On June 29, 2007, Defendant pled guilty to one count of possession of a firearm by a

convicted felon, in violation of 18 U.S.C. §§ 922(g)(1), 924(a)(2), and 3551 (“Count 1”), as well

as one count of possession of a controlled substance with the intent to distribute, in violation of

21 U.S.C. §§ 841(a)(1), 841(b)(1)(C), and 18 U.S.C. § 3551 (“Count 2”). (See 6/29/07 Minute

Entry, Dkt. Entry No. 28.) On May 16, 2008, the Court sentenced Defendant to a 120-month

term of imprisonment and three years of supervised release on Count 1, and a 120-month term of

imprisonment and three years of supervised release on Count 2, with the sentences to run

concurrently. (See 5/16/2008 Minute Entry, Dtk. Entry No. 36.) Defendant, through his counsel,

Zachary Margulis-Ohnuma, Esq., filed an appeal challenging his conviction and sentence. (See

Notice of Appeal, Dkt. Entry No. 40.) The Second Circuit rejected Defendant’s appeal,

affirming the conviction and sentence in United States v. Ortiz, 621 F. 3d 82 (2d Cir. 2010).

Defendant now moves for the appointment of counsel, specifically Mr. Margulis-

Ohnuma, alleging that Defendant may be entitled to relief of an unspecified nature under the

Supreme Court’s recent opinions in Peugh v. United States, 569 U.S. ___, 133 S. Ct. 2072

(2013), and Descamp v. United States, 570 U.S. ___, 133 S. Ct. 2276 (2013), and that Mr.

Margulis-Ohnuma is best situated to litigate his claims. (See Defendant’s Motion for

Appointment of Counsel, Dkt. Entry No. 49.) The government has not responded to Defendant’s


For the following reasons, Defendant’s request is denied without prejudice. As an initial

matter, there are no pending proceedings before the Court concerning this action. As such, there

is no matter for which the appointment of counsel is necessary.

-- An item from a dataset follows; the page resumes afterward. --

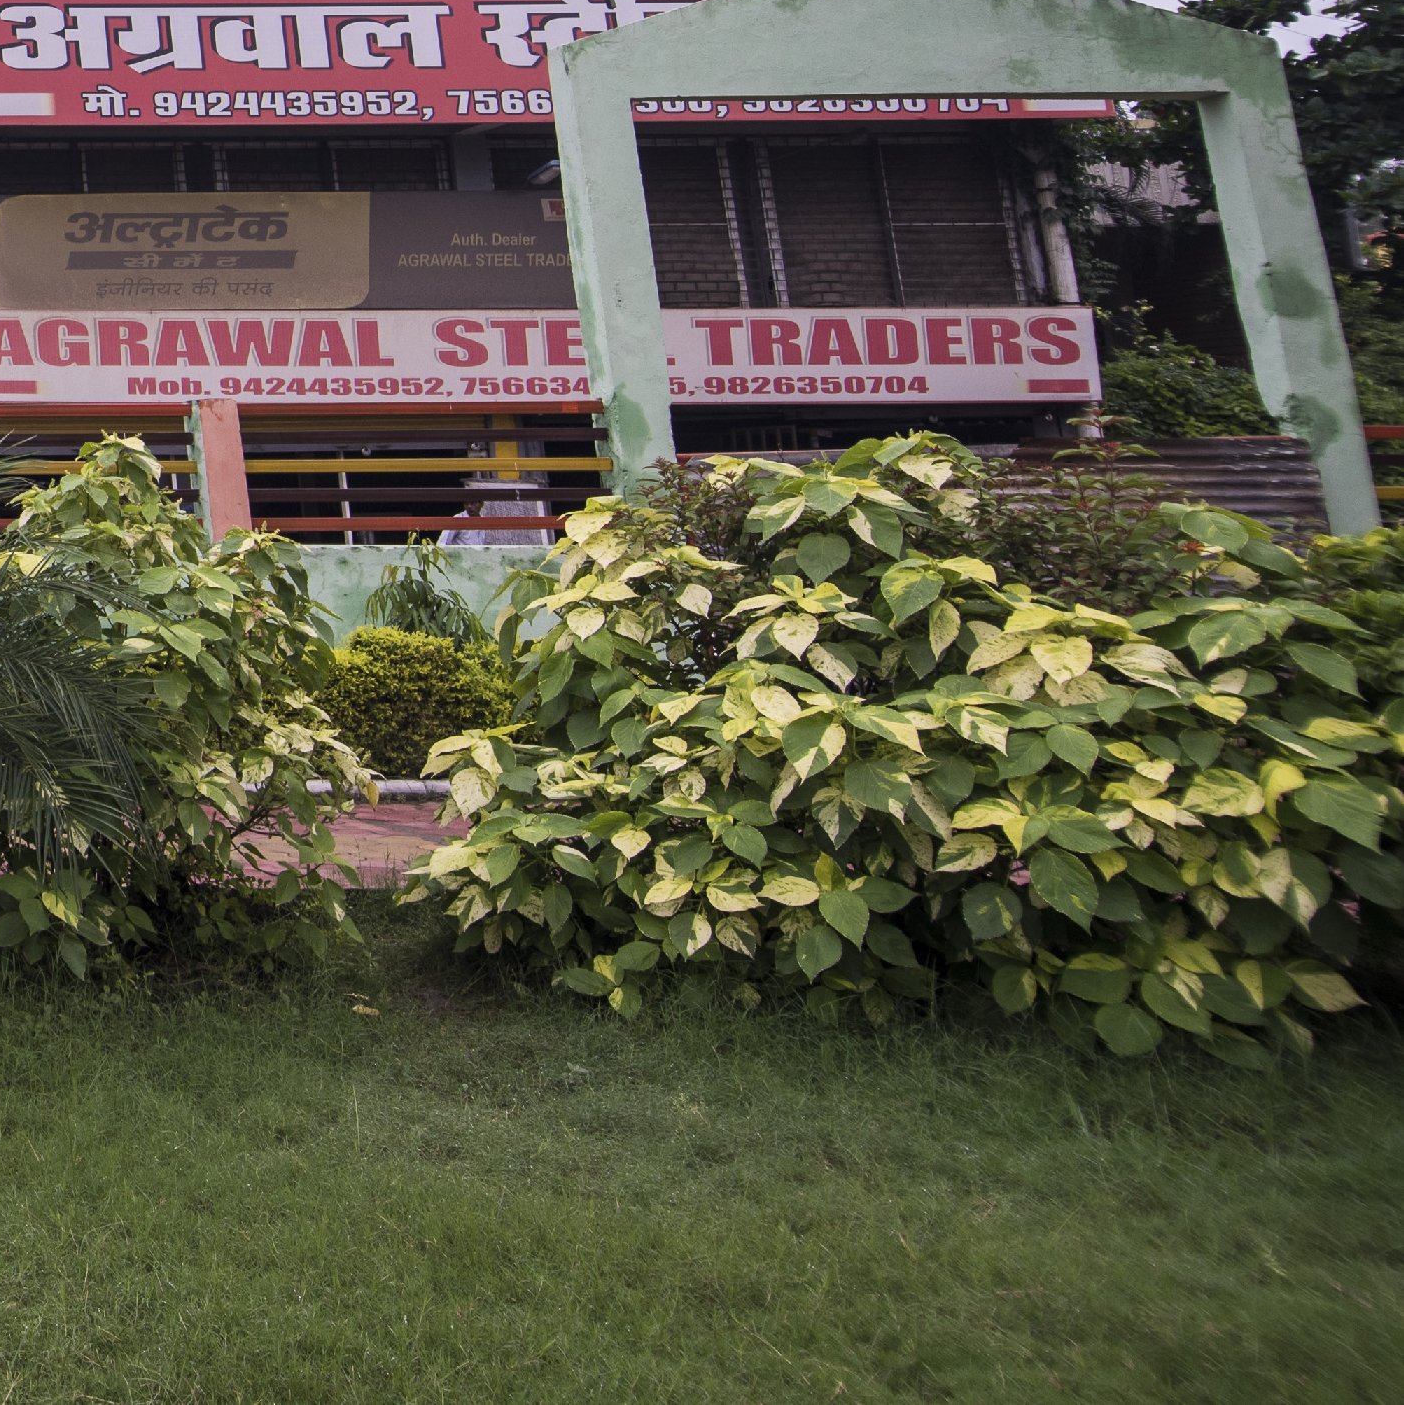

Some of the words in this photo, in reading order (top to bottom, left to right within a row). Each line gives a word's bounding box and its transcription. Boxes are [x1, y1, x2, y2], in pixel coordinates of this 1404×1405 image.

Secondly, it appears that Defendant’s time in which to file a petition under 28 U.S.C. §

2255 has expired, and Defendant has not set forth any facts that may justify tolling the statute of

limitations under the Antiterrorism and Effective Death Penalty Act of 1996, Pub. L. No. 104-

132, 110 Stat. 1214 (1996).

Thirdly, upon the court’s review of the facts and circumstances of this case, it appears

unlikely that the Supreme Court decisions upon which Defendant’s request is based would apply

retroactively to his case.

Finally, these are issues that Defendant can assert himself without the aid of counsel at

this juncture. The Court is mindful of its obligation to hold pro se pleadings “to less stringent

standards than formal pleadings drafted by lawyers.” Hughes v. Rowe, 449 U.S. 5, 9 (1980)

(citation omitted). Courts should “interpret [such papers] to raise the strongest arguments that

they suggest.” Forsyth v. Fed’n Emp’t & Guidance Serv., 409 F. 3d 565, 569 (2d Cir. 2005)

(citation and quotation marks omitted). Though a court need not act as an advocate for pro se

litigants, in such cases “there is a greater burden and a correlative greater responsibility upon the

district court to insure that constitutional deprivations are redressed and that justice is done.”

Davis v. Kelly, 160 F. 3d 917, 922 (2d Cir. 1998) (citation omitted).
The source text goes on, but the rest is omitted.